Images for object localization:
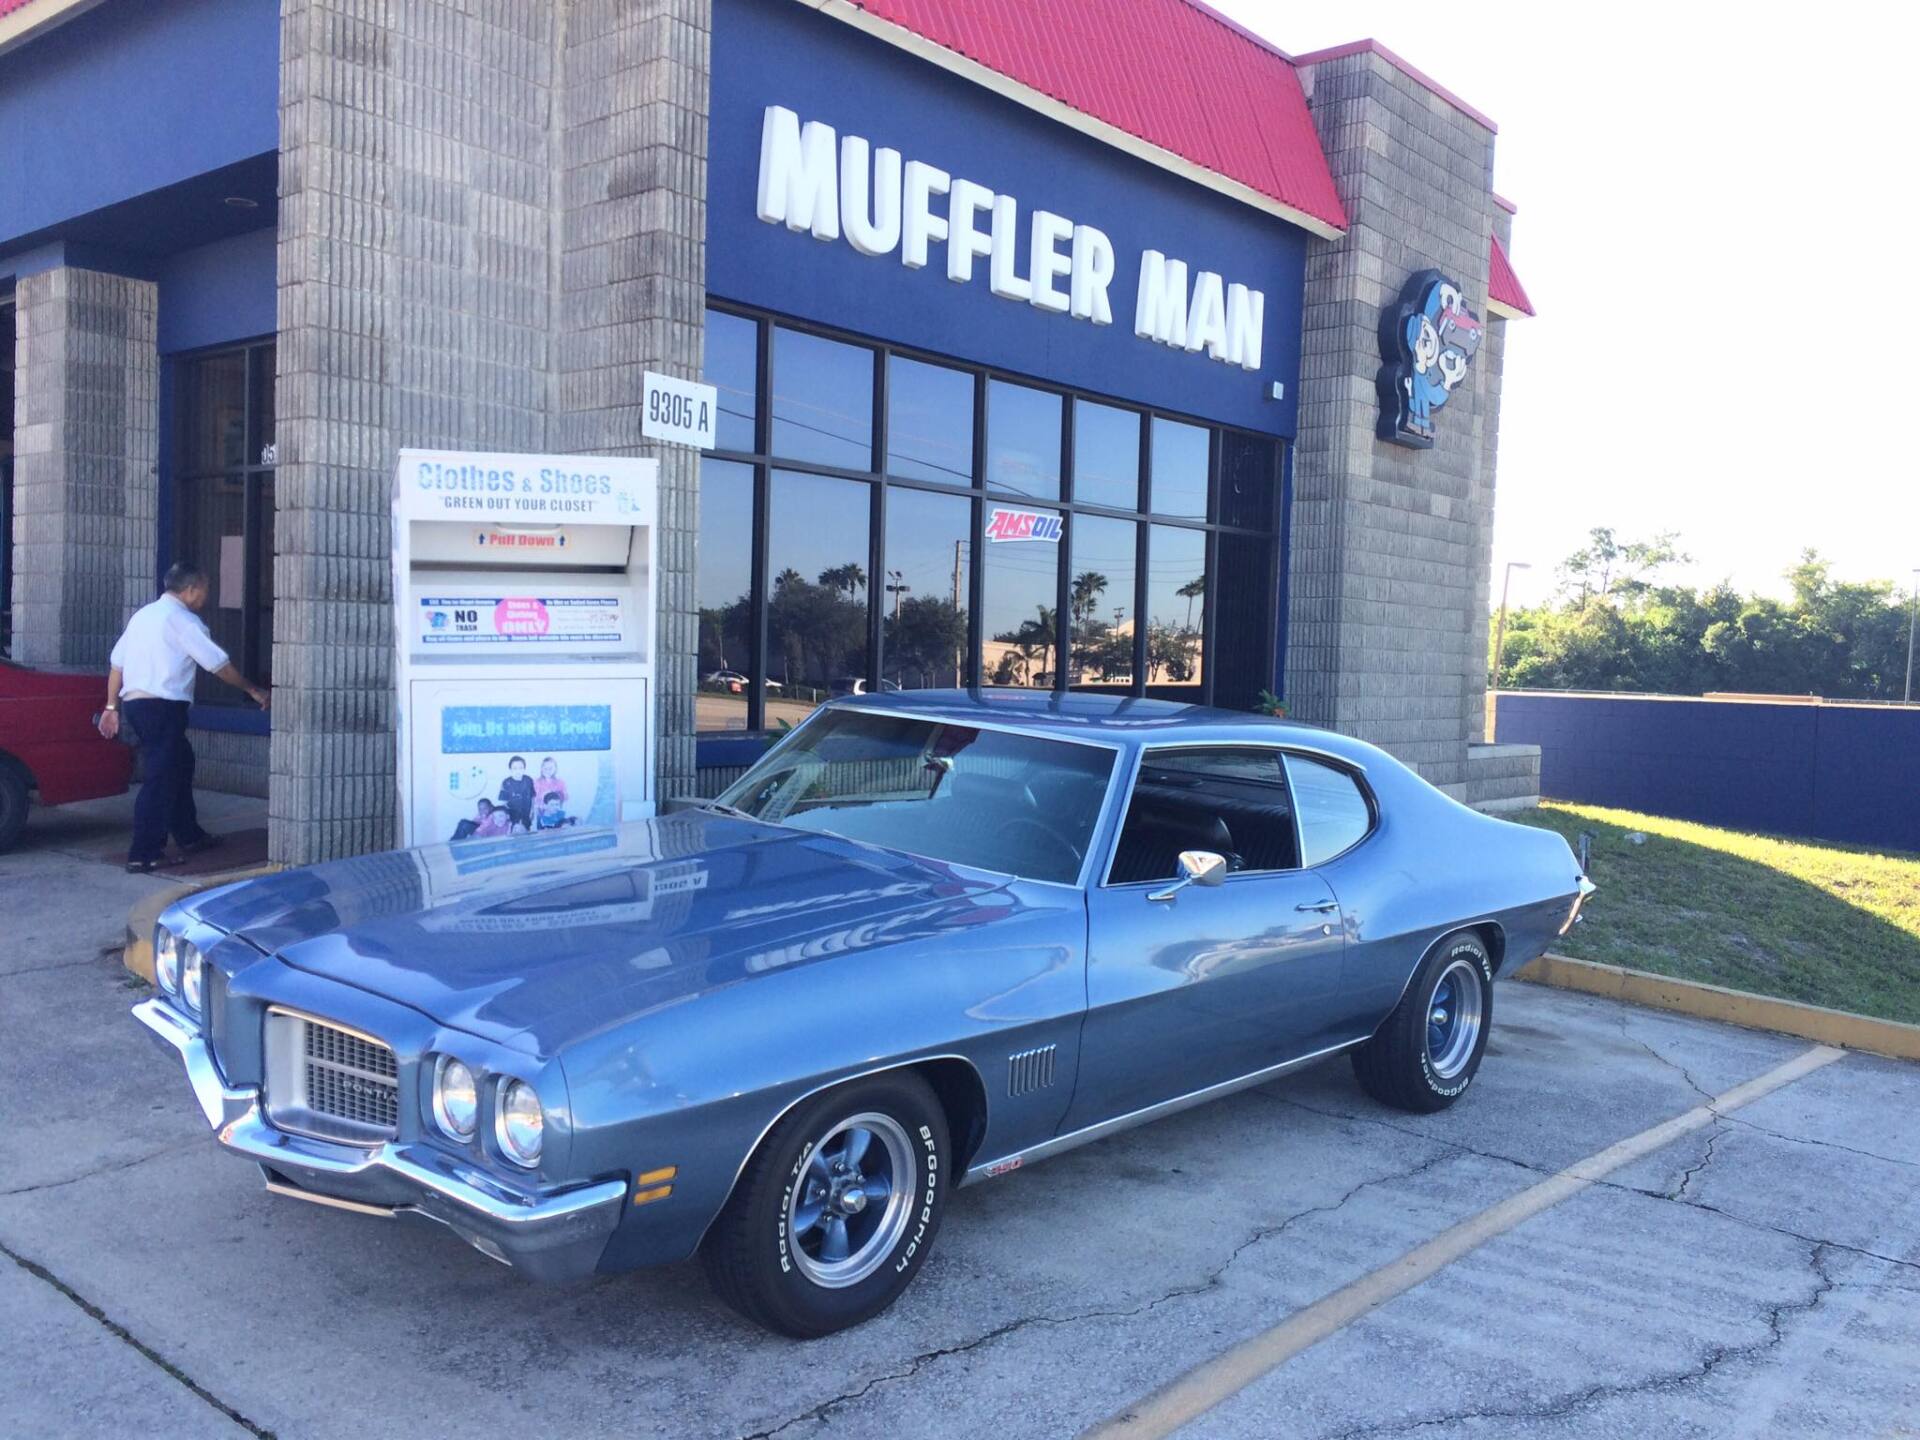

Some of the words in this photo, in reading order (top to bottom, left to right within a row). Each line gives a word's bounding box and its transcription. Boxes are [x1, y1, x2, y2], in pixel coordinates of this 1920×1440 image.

[757, 105, 1115, 325] MUFFLER
[1135, 250, 1264, 370] MAN
[650, 389, 693, 430] 9305
[698, 401, 708, 433] A
[418, 462, 514, 492] Clothes
[522, 477, 532, 492] &
[540, 469, 611, 495] Shoes
[487, 497, 510, 510] OUT
[514, 497, 547, 511] YOUR
[519, 534, 555, 546] Down
[986, 511, 1062, 540] AMSOIL
[454, 610, 478, 623] NO
[456, 624, 477, 632] TRASH
[1451, 944, 1482, 958] Radial
[1481, 955, 1492, 982] T/A
[778, 1185, 792, 1273] Radial
[791, 1142, 813, 1177] T/A
[896, 1125, 937, 1273] BFGoodrich

■ **ACTIVITY**:
Exactly as written, give the entries above again, with no images.

■ **TASK SOLUTION**:
Some of the words in this photo, in reading order (top to bottom, left to right within a row). Each line gives a word's bounding box and its transcription. Boxes are [x1, y1, x2, y2], in pixel coordinates of this 1920×1440 image.

[757, 105, 1115, 325] MUFFLER
[1135, 250, 1264, 370] MAN
[650, 389, 693, 430] 9305
[698, 401, 708, 433] A
[418, 462, 514, 492] Clothes
[522, 477, 532, 492] &
[540, 469, 611, 495] Shoes
[487, 497, 510, 510] OUT
[514, 497, 547, 511] YOUR
[519, 534, 555, 546] Down
[986, 511, 1062, 540] AMSOIL
[454, 610, 478, 623] NO
[456, 624, 477, 632] TRASH
[1451, 944, 1482, 958] Radial
[1481, 955, 1492, 982] T/A
[778, 1185, 792, 1273] Radial
[791, 1142, 813, 1177] T/A
[896, 1125, 937, 1273] BFGoodrich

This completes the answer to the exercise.